The more BYOD and machine fleets expand, the more certificate management starts to look like NHI governance in disguise. That means security teams should connect certificate policy to Why NHI Security Matters Now and use lifecycle controls as the baseline for trust decisions.
For practitioners
- Map certificate trust to identity lifecycle events Tie issuance, renewal, revocation, and retirement to joiner, mover, and leaver workflows so certificates do not outlive the user, device, or machine they represent.
- Separate user, BYOD, and machine certificate policies Use different trust rules for employee devices, unmanaged endpoints, and kiosks or IoT systems so one certificate policy does not hide different risk profiles.
- Audit revocation speed and certificate inventory accuracy Test how quickly access can be removed after compromise, transfer, or decommissioning, and verify that every active certificate has a known owner and purpose.
- Eliminate hardcoded credentials in machine fleets Replace static shared secrets with unique certificate-backed identities for kiosks, IoT devices, and other connected systems so compromise does not scale across the fleet.
Key takeaways
- Certificate-based authentication strengthens trust only when the organisation can revoke that trust as fast as the identity changes.
- BYOD and machine authentication both depend on accurate ownership, scoping, and lifecycle control, not just on cryptographic proof.
- Teams that still rely on hardcoded credentials or stale certificate inventories are preserving a standing identity attack surface, not eliminating it.
Standards & Framework Alignment
This section maps relevant standards and security frameworks to the operational risks and controls described in this guidance.
OWASP Non-Human Identity Top 10 address the attack and risk surface, while NIST CSF 2.0 and NIST Zero Trust (SP 800-207) set the governance and control requirements practitioners need to meet.
| Framework | Control / Reference | Relevance |
|---|---|---|
| OWASP Non-Human Identity Top 10 | NHI-03 | Certificate issuance and rotation are core NHI lifecycle controls. |
| NIST CSF 2.0 | PR.AC-4 | Certificate checks are access enforcement at authentication time. |
| NIST Zero Trust (SP 800-207) | Certificate authentication supports continuous verification for devices and machines. |
Use certificates as one input to zero trust decisions, not as a standalone trust guarantee.
Key terms
- Certificate-based authentication: An authentication method that uses a digital certificate to prove identity before access is granted.
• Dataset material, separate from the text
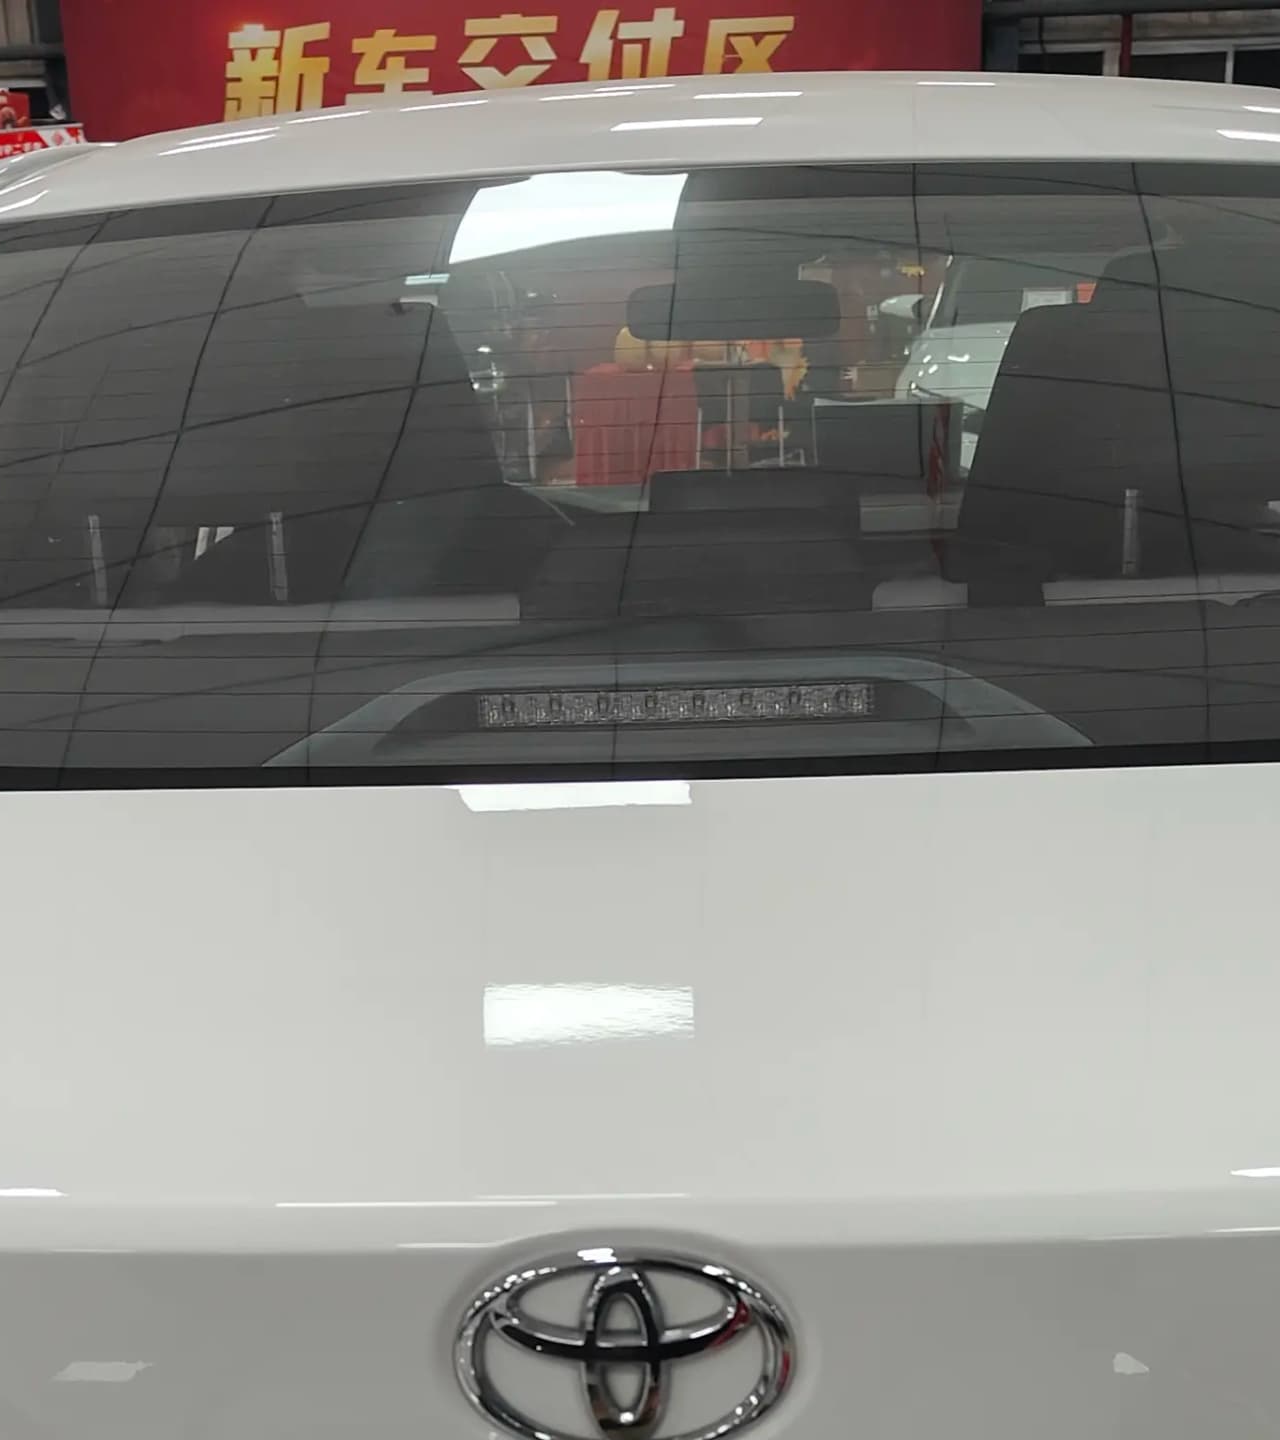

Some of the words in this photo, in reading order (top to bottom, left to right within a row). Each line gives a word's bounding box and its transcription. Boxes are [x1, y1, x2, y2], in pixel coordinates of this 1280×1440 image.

[223, 7, 795, 122] 新车交付区
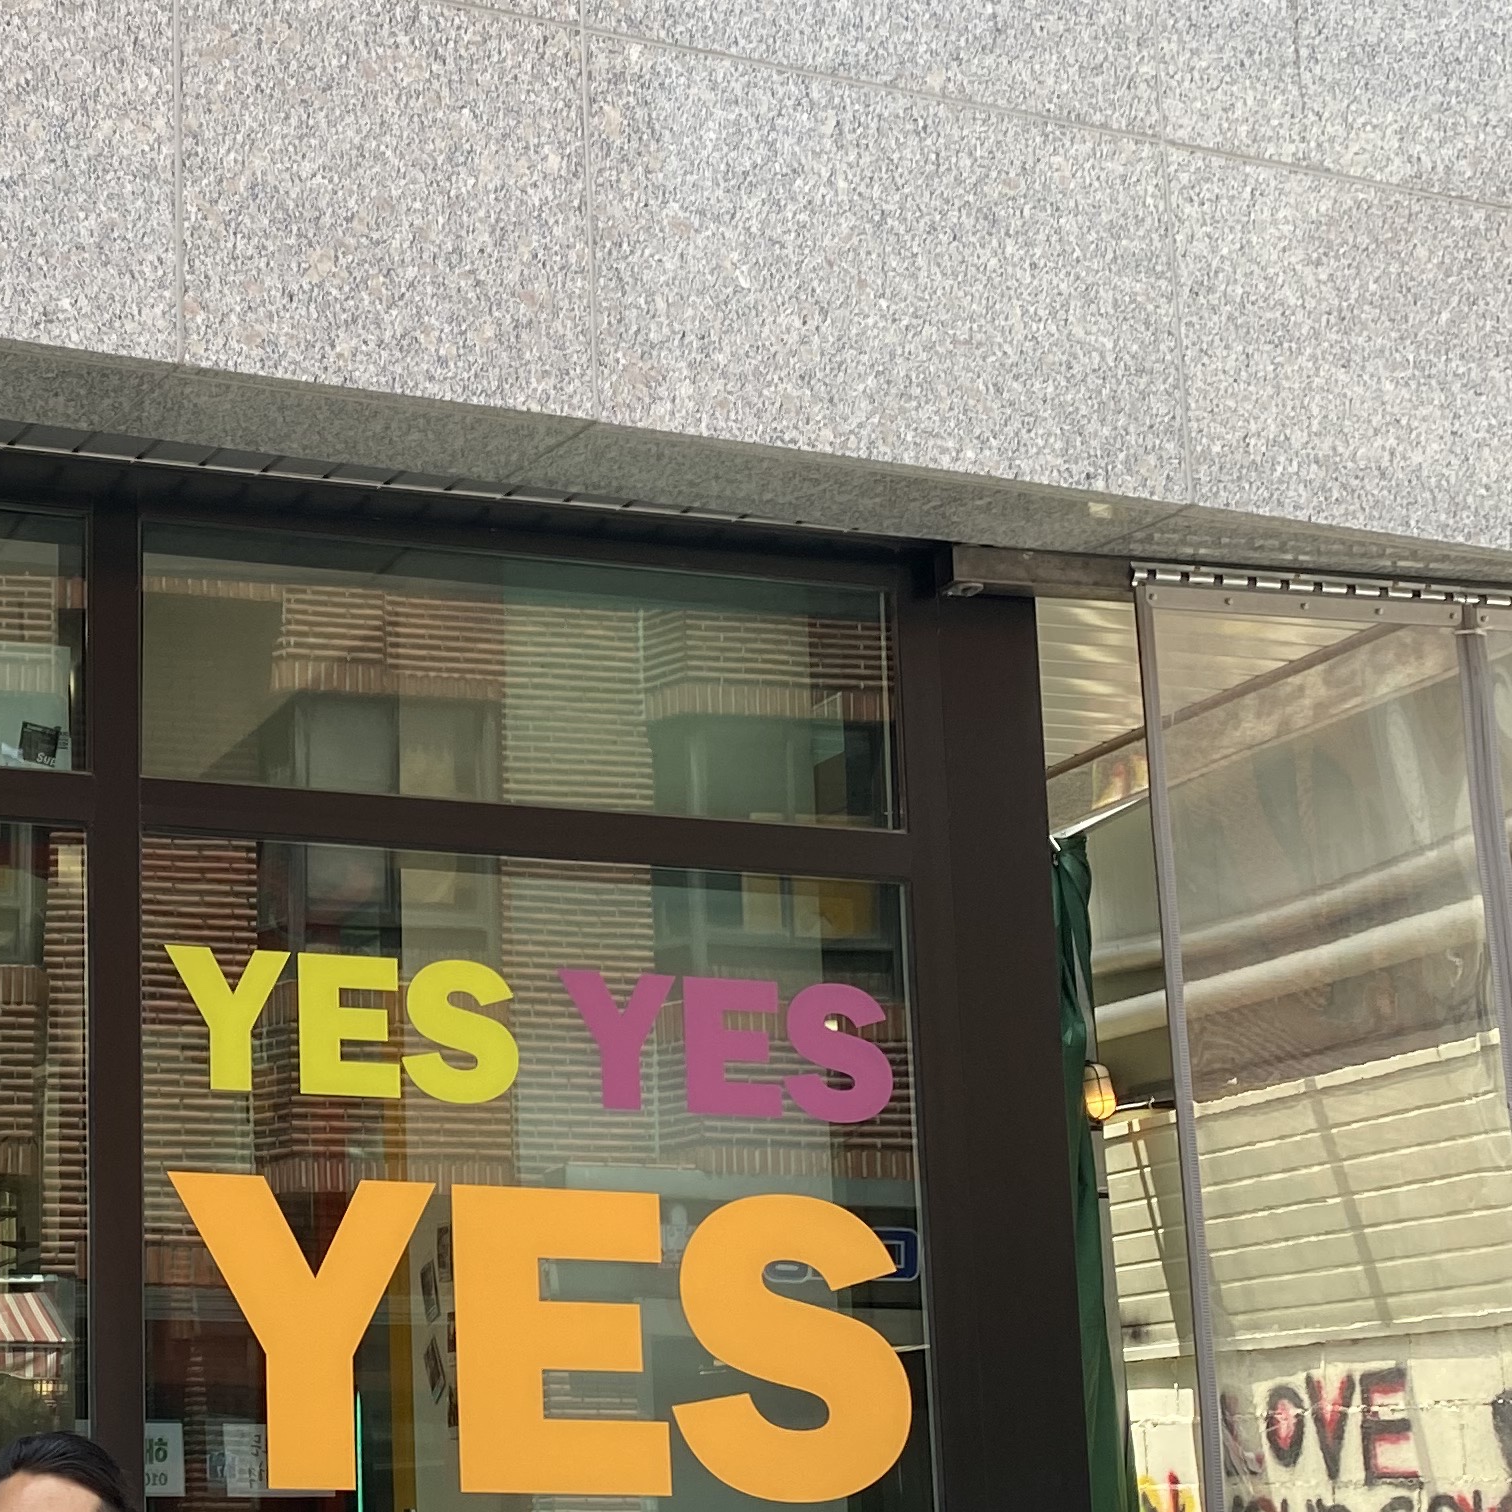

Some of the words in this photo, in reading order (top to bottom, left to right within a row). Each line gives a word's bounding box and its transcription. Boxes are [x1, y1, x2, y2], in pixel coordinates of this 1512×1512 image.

The certificate binds a subject to a key pair and can be validated, renewed, or revoked, which makes it useful for users, devices, and machines that need stronger identity assurance than passwords alone.
- Private certificate: A certificate issued and trusted inside an organisation’s own environment rather than broadly by public browser trust stores. It is commonly used to identify internal devices, endpoints, and workloads, and it only provides security when issuance, inventory, and revocation are tightly governed.
- Machine identity: A non-human identity assigned to a system such as a kiosk, IoT device, or service-connected endpoint. In practice, machine identity must be unique, inventoryable, and revocable so the organisation can control access as devices are deployed, repurposed, or retired.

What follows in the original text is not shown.